### INSTRUCTIONS FOR THE TASK
Output every line below exactly, please, omitting pictures.

Excerpts from a dataset:
━━━━━━━━━━━━━━━━━━━━━━━━━━━━━━

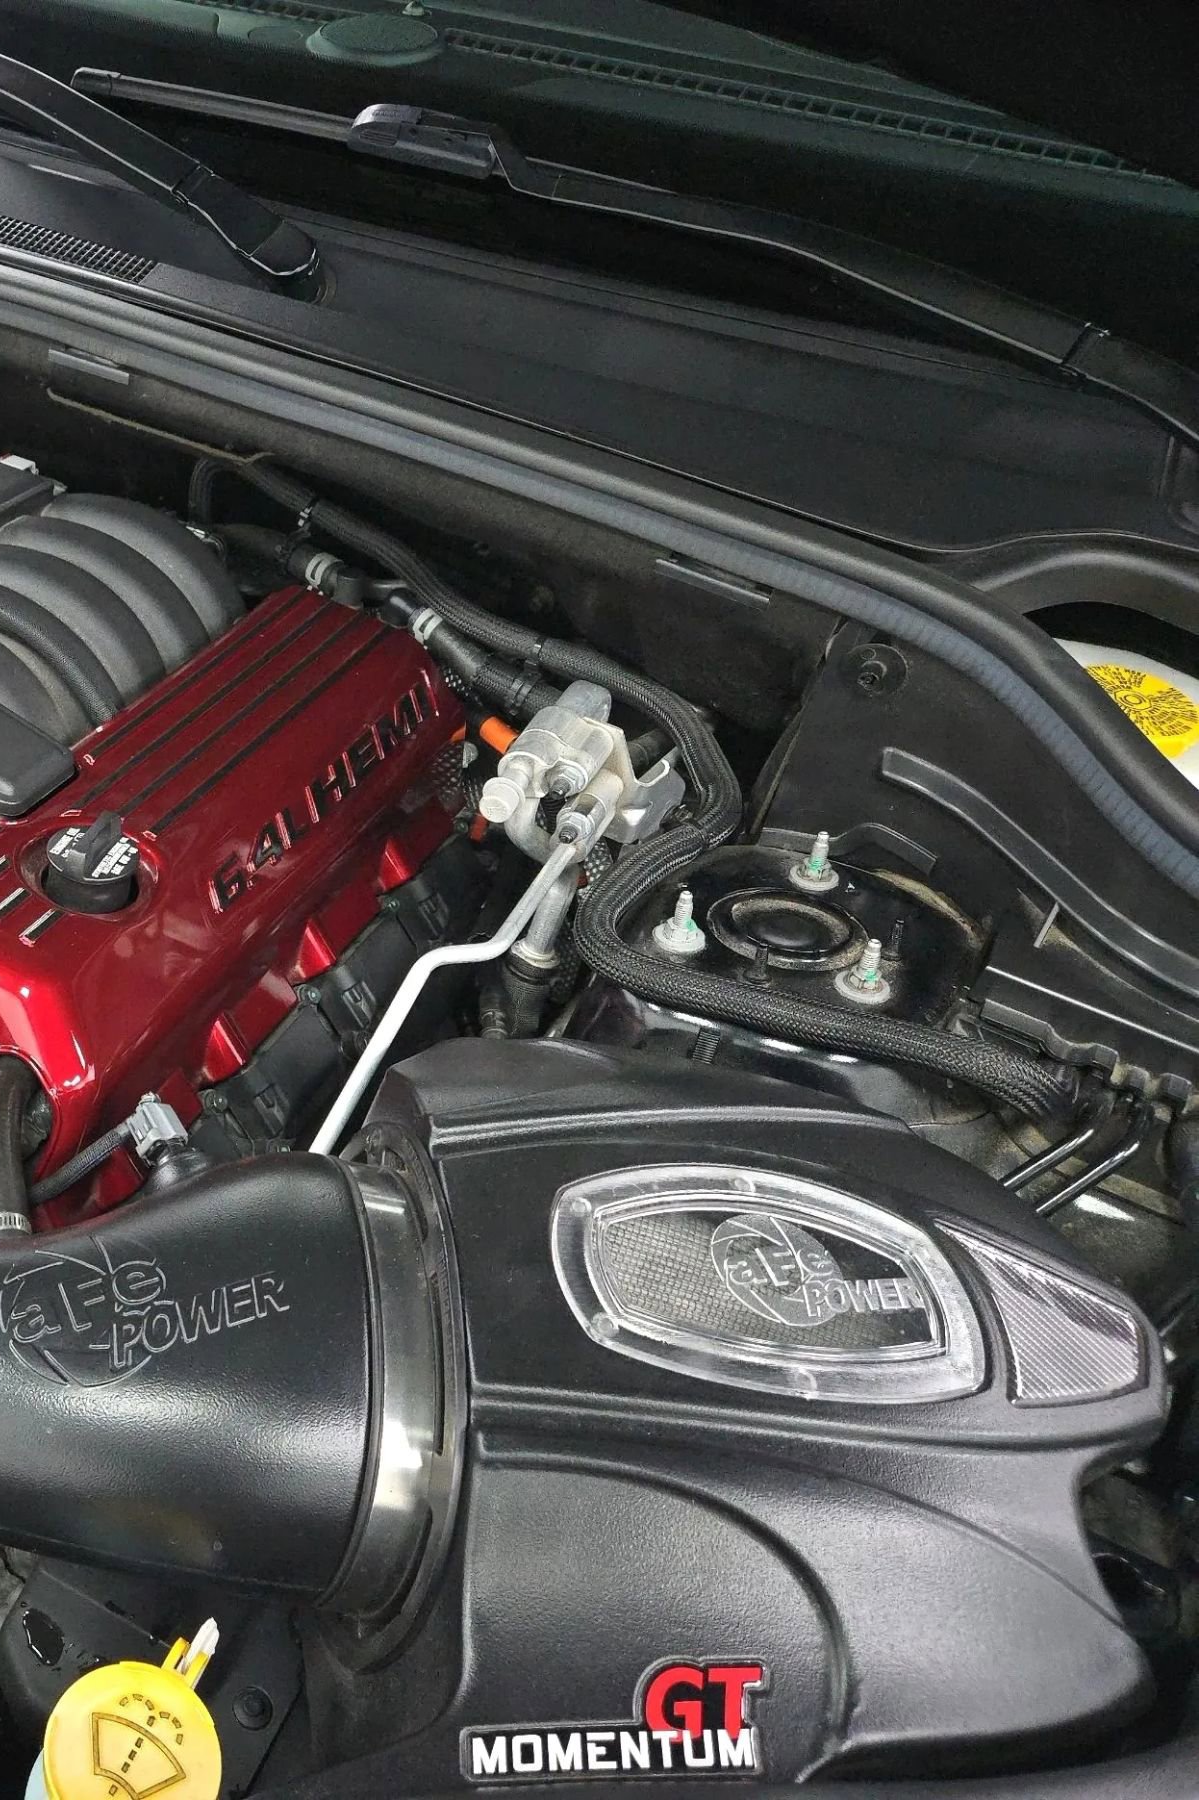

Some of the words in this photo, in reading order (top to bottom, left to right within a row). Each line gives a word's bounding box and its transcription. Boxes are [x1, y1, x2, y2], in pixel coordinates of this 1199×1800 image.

[304, 668, 440, 824] HEMI
[10, 1260, 166, 1343] aFe
[723, 1247, 834, 1286] aFe
[803, 1277, 927, 1317] POWER
[109, 1271, 290, 1372] POWER
[645, 1666, 762, 1744] GT
[472, 1728, 759, 1775] MOMENTUM

━━━━━━━━━━━━━━━━━━━━━━━━━━━━━━

### REPLY
Some of the words in this photo, in reading order (top to bottom, left to right within a row). Each line gives a word's bounding box and its transcription. Boxes are [x1, y1, x2, y2], in pixel coordinates of this 1199×1800 image.

[304, 668, 440, 824] HEMI
[10, 1260, 166, 1343] aFe
[723, 1247, 834, 1286] aFe
[803, 1277, 927, 1317] POWER
[109, 1271, 290, 1372] POWER
[645, 1666, 762, 1744] GT
[472, 1728, 759, 1775] MOMENTUM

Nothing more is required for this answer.